Is our universe merely one of billions? Evidence of the existence of 'multiverse' revealed for the first time by a cosmic map of background radiation data gathered by Planck telescope. The first 'hard evidence' that other universes exist has been claimed to have been found by cosmologists studying new Planck data released this past June. They have concluded that it shows anomalies that can only have been caused by the gravitational pull of other universes. "Such ideas may sound wacky now, just like the Big Bang theory did three generations ago," says George Efstathiou, professor of astrophysics at Cambridge University."But then we got evidence and now it has changed the whole way we think about the universe."
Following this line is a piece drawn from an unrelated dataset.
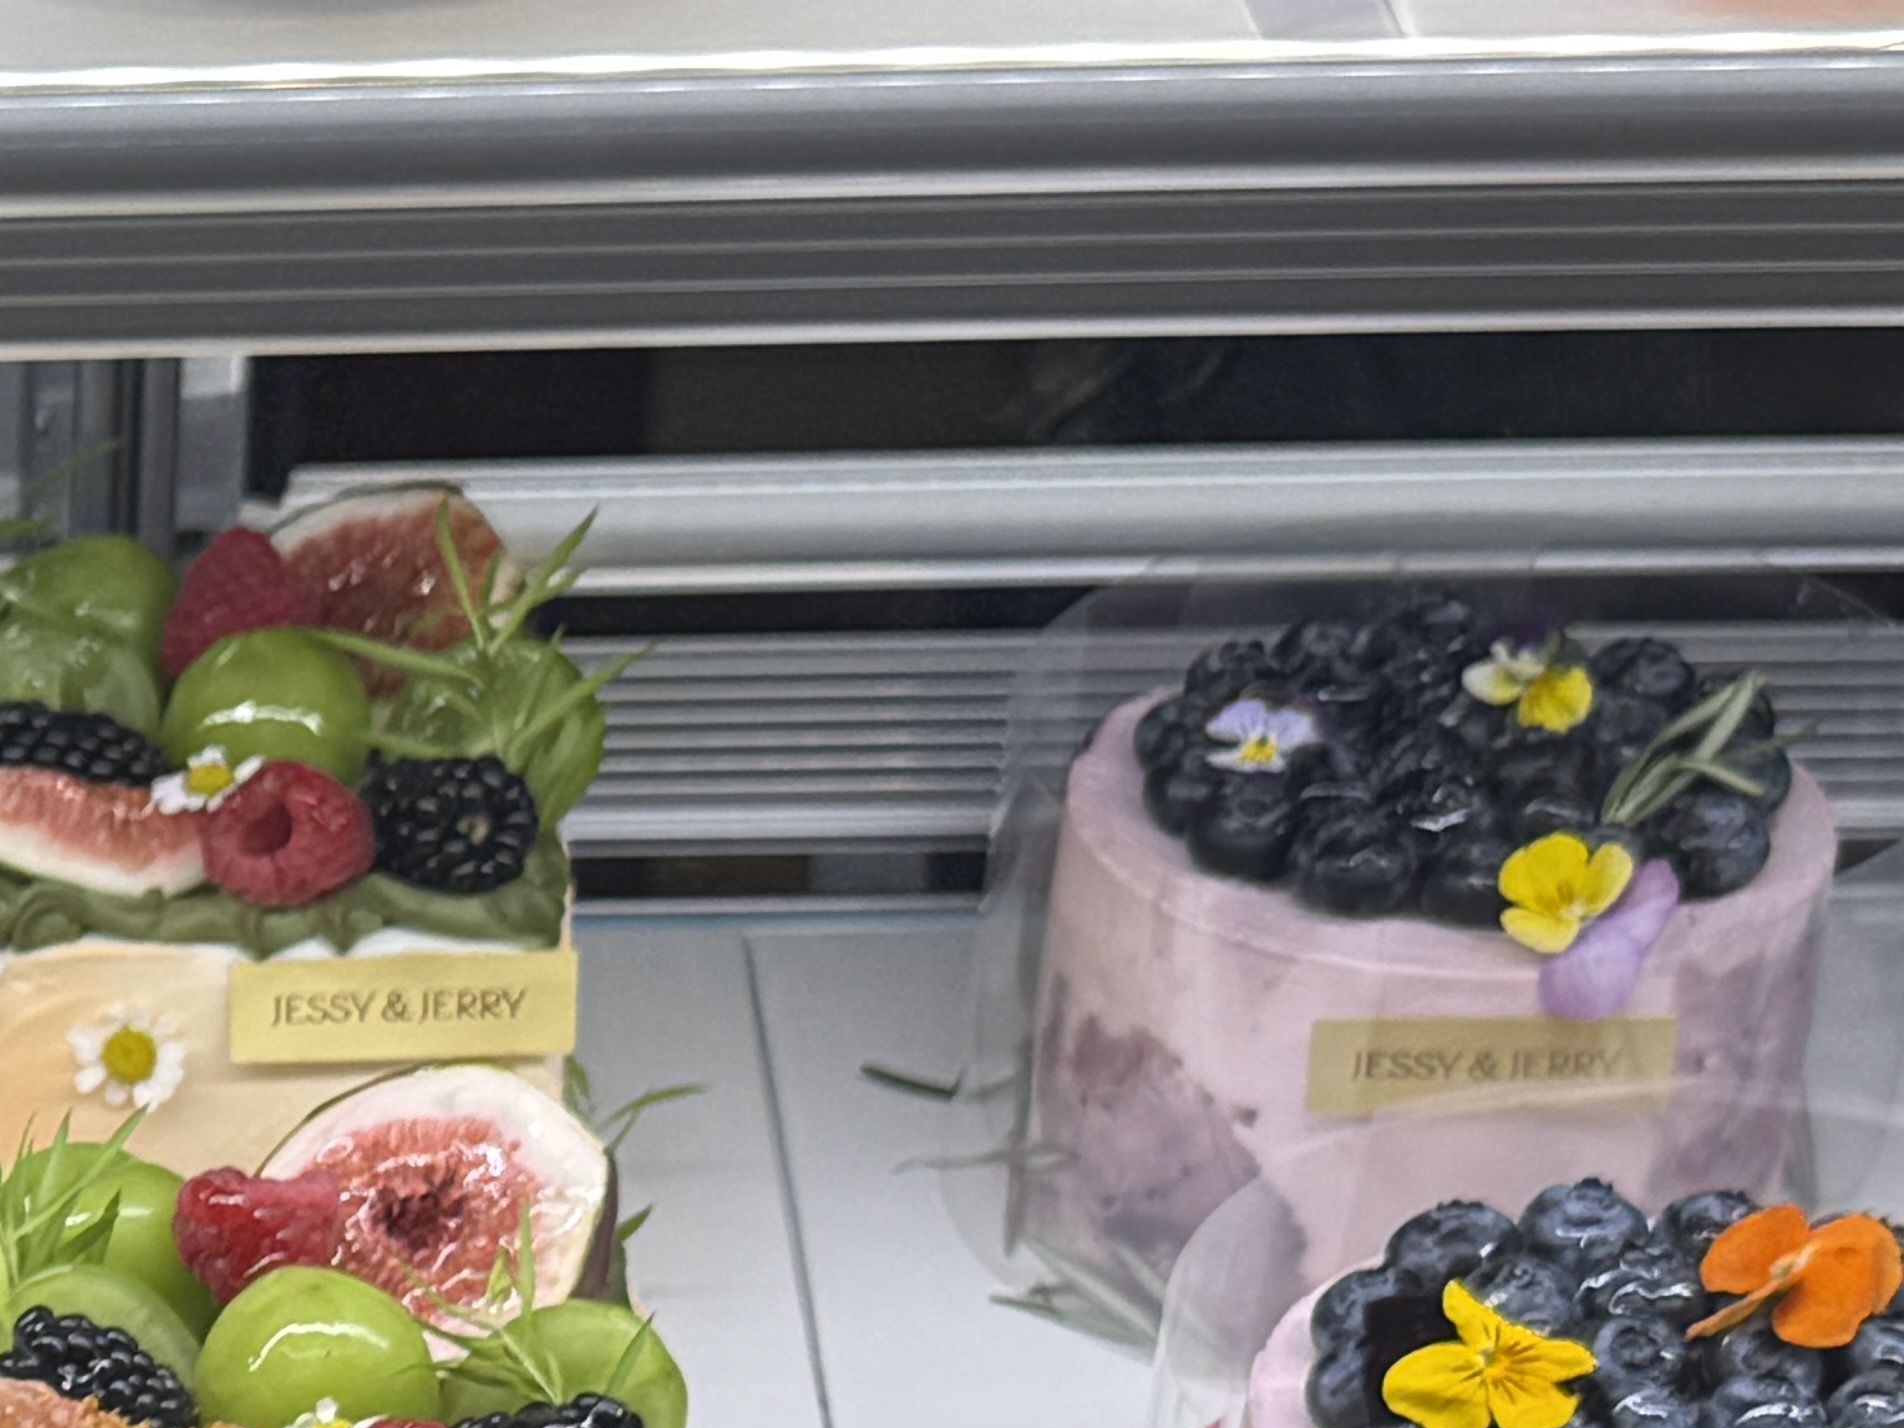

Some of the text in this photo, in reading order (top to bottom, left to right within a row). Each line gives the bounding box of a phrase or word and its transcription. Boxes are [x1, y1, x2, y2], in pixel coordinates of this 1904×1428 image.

Scientists had predicted that it should be evenly distributed, but the map shows a stronger concentration in the south half of the sky and a 'cold spot' that cannot be explained by current understanding of physics. Laura Mersini-Houghton, theoretical physicist at the University of North Carolina at Chapel Hill, and Richard Holman, professor at Carnegie Mellon University, predicted that anomalies in radiation existed and were caused by the pull from other universes in 2005. Mersini-Houghton will be in Britain soon promoting this theory and, we expect, the hard evidence at the Hay Festival on May 31 and at Oxford on June 11.

Dr Mersini-Houghton believes her hypothesis has been proven from the Planck data that data has been used to create a map of light from when the universe was just 380,000 years old. "These anomalies were caused by other universes pulling on our universe as it formed during the Big Bang," she says. "They are the first hard evidence for the existence of other universes that we have seen."